I'm not Jewish, so I've never had any reason to try either brand until now. I subjected both Manischewitz and Mogen David to our usual rigorous, comparative tasting process. The result is a clear knockout win for Mogen David, and it wasn't close. Mogen David's nonvintage Concord grape wine ($4.50) smells like grape juice and grape candy. It's quite sweet, but has a powerful, lingering essence of Concord grape through a very long finish. It's a little too sweet for me to drink, but I would be perfectly happy to pour it over ice cream. In contrast, nothing smelled or tasted natural about Manischewitz's nonvintage Concord grape wine ($4.50). There's a strong, unpleasant metallic note in the aroma. It attacks the palate with a sugar and chemical rush that tastes like candy from a Day-Glo wrapper, with the barest hint of artificial grape flavoring. I wanted to brush my teeth immediately. The moral of this story? If your parents insist on Concord grape wine at this year's seder, take it from an objective gentile: serve them Mogen David. Consider it a mitzvah.

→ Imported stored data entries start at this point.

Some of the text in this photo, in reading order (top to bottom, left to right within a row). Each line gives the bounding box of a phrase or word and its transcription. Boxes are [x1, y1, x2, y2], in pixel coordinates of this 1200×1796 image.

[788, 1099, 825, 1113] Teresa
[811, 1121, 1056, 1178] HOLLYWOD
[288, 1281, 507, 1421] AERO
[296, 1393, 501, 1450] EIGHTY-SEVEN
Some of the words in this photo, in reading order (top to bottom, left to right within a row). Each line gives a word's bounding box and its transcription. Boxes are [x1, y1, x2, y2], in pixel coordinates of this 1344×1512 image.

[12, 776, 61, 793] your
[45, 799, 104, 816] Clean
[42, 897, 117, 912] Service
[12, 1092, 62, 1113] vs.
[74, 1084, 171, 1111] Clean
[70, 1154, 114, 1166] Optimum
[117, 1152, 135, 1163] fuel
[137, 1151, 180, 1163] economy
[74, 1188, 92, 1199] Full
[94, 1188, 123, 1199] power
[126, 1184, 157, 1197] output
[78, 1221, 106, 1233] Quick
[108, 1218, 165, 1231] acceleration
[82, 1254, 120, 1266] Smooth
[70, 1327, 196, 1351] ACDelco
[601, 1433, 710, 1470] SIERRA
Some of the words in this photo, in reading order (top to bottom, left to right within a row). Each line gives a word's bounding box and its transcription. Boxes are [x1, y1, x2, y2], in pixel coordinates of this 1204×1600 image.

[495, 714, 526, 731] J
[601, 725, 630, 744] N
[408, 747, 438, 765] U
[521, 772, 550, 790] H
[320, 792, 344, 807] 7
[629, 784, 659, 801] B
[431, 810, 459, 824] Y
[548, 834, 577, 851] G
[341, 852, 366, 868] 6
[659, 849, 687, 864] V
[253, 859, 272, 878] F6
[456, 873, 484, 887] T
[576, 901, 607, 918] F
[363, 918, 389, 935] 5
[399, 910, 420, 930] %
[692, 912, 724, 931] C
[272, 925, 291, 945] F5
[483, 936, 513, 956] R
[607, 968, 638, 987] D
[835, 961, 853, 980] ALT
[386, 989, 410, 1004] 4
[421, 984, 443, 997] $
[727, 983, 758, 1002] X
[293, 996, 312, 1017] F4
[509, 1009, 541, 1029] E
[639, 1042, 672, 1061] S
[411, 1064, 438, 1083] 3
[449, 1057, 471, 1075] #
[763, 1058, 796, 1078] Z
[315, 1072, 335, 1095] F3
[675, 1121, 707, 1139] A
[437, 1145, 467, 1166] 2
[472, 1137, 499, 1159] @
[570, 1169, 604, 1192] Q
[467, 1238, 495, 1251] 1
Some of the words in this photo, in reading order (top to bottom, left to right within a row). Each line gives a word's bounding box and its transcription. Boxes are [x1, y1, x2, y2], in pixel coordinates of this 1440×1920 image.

E-mail W. Blake Gray at wbgray@sfchronicle.com

ah, yes, the lake erie appellation by the above pro who should know...

sure i've enjoyed some of the world's best beverages:

'big 23' 'tiger piss' 'bom de bom' 'o b korean potato beer (in the authentic rusted steel cans), a warm south african strawberry riesling pushing the cork out in agadez (this is only a partial list of asian and african who deserve this post) and finally mogen david 'merlot' .

now, i'm not (duh!) stupid, i know that the article was about kosher table wines which my family used to decant at the christmas and thanksgiving holidays (don't have a clue...most of them were nazis).

then i was a 'guest' in la jolla and a friend introduced me to mogen david 'merlot' (she ran out of box wine!).

it was much more than a religious experience!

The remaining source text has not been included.